| WHAT YOU WILL DO |
The pictures do not go in the copy. Reproduce the rest of the entries exactly.

| DATA FOR THIS EXERCISE |

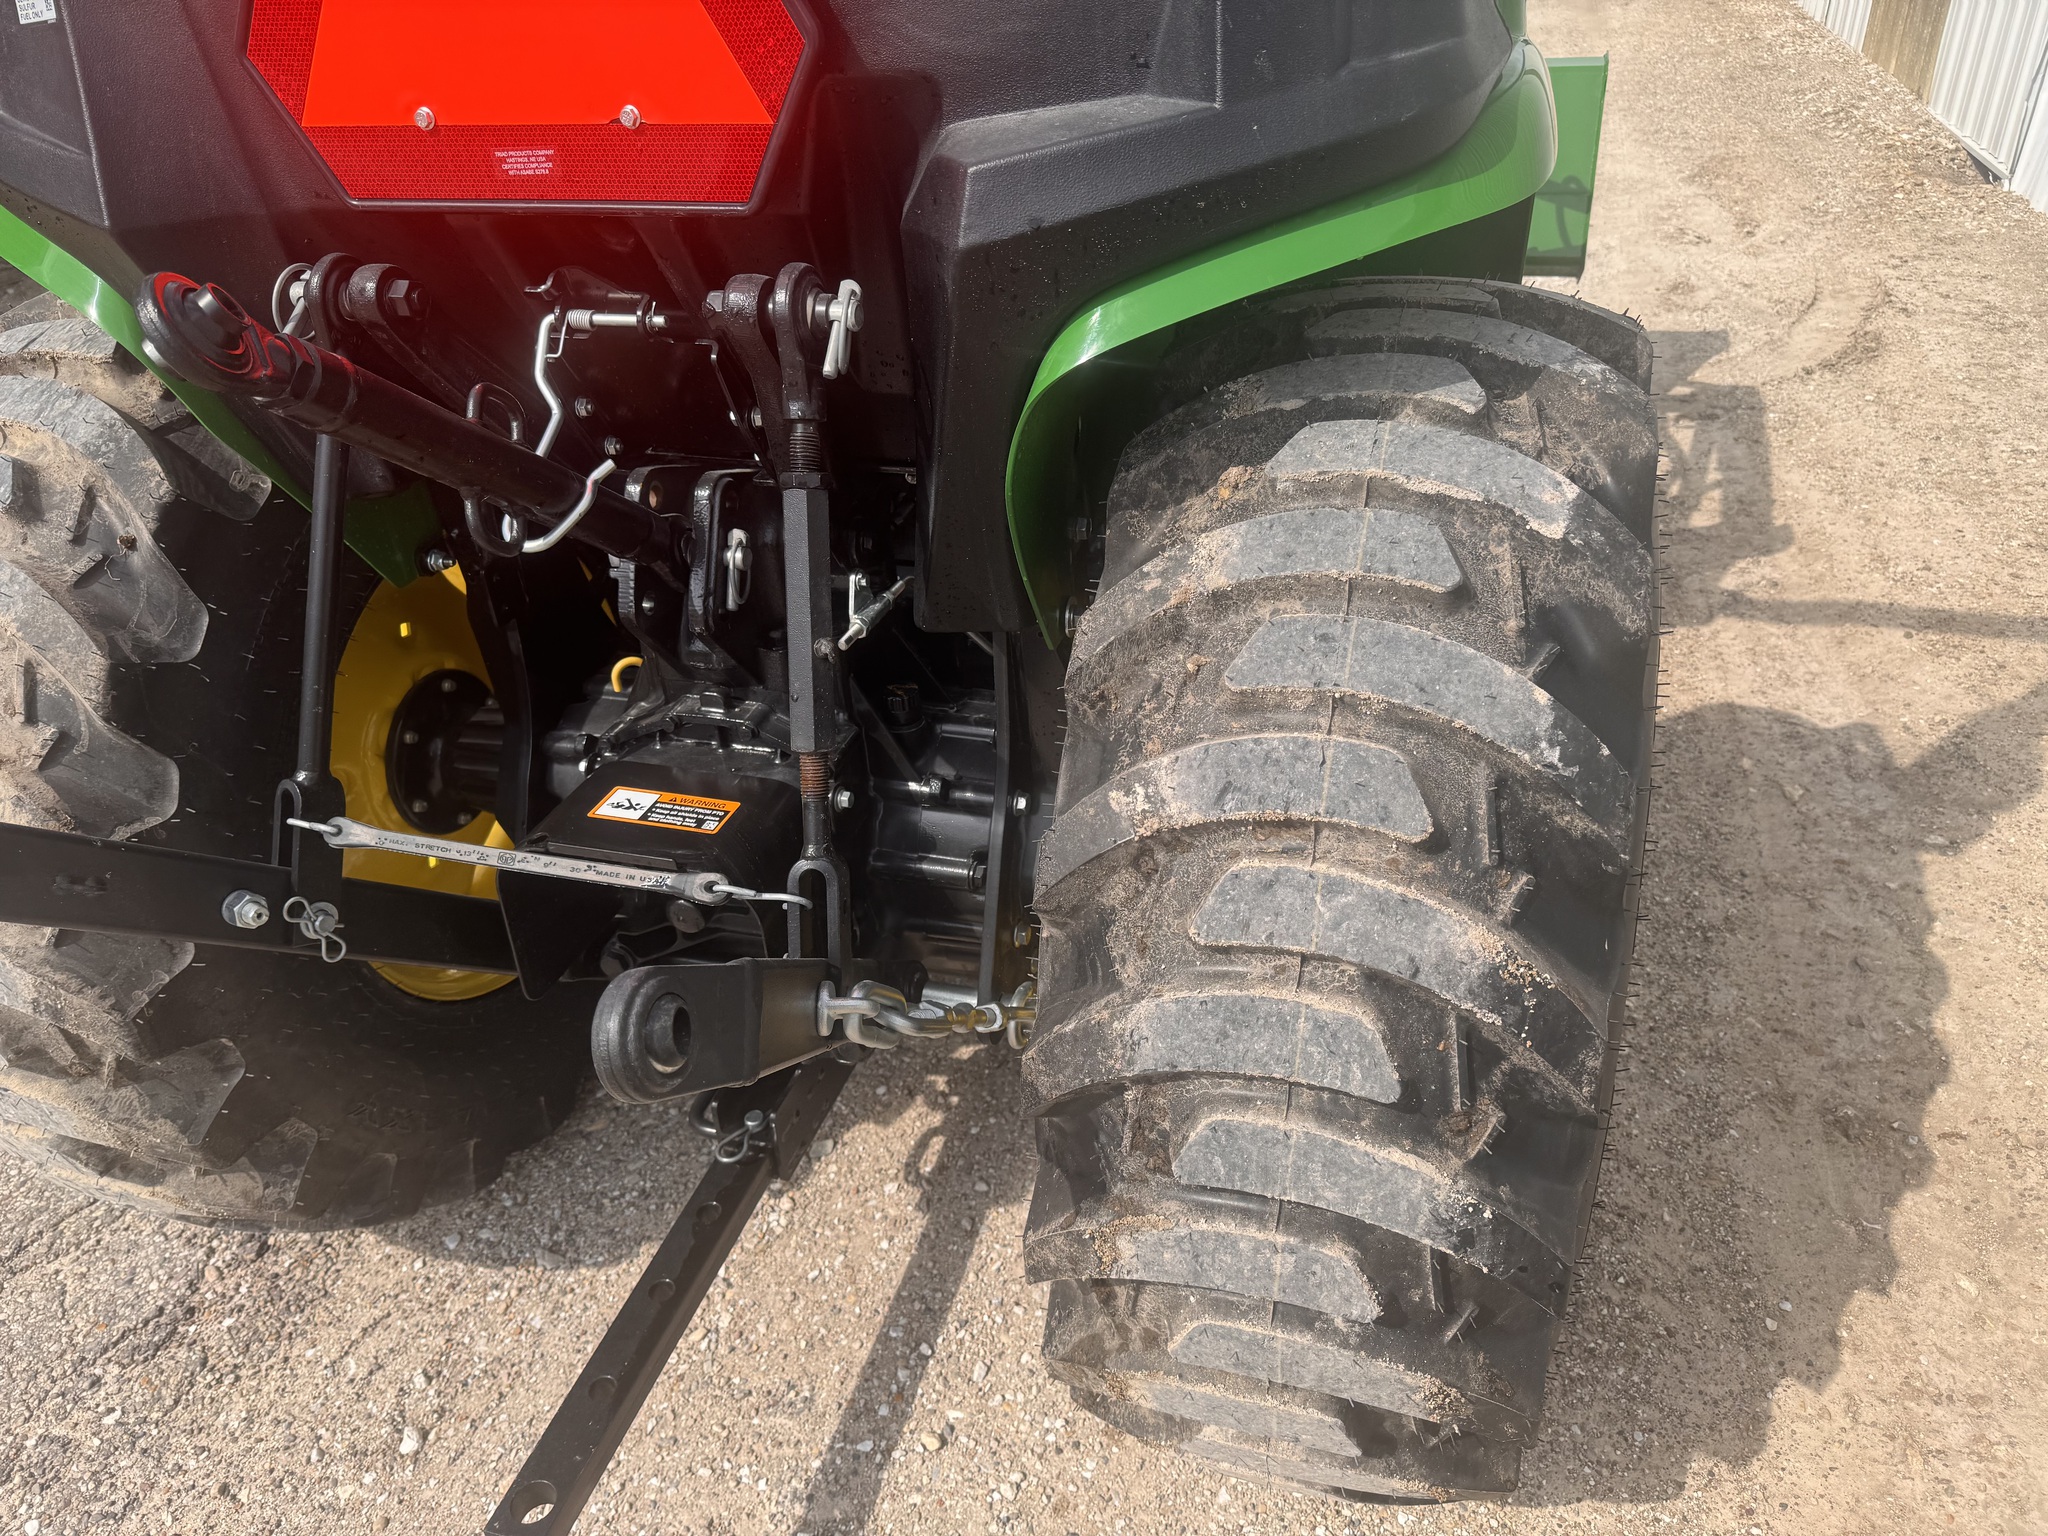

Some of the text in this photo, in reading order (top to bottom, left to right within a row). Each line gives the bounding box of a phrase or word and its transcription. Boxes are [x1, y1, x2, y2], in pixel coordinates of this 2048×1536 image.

[19, 3, 36, 12] SULFUR
[32, 10, 43, 19] ONLY
[680, 798, 726, 809] WARNING
[659, 818, 682, 826] clothing
[414, 842, 452, 853] STRETCH
[595, 870, 621, 879] MADE

| TASK SOLUTION |
Some of the text in this photo, in reading order (top to bottom, left to right within a row). Each line gives the bounding box of a phrase or word and its transcription. Boxes are [x1, y1, x2, y2], in pixel coordinates of this 2048×1536 image.

[19, 3, 36, 12] SULFUR
[32, 10, 43, 19] ONLY
[680, 798, 726, 809] WARNING
[659, 818, 682, 826] clothing
[414, 842, 452, 853] STRETCH
[595, 870, 621, 879] MADE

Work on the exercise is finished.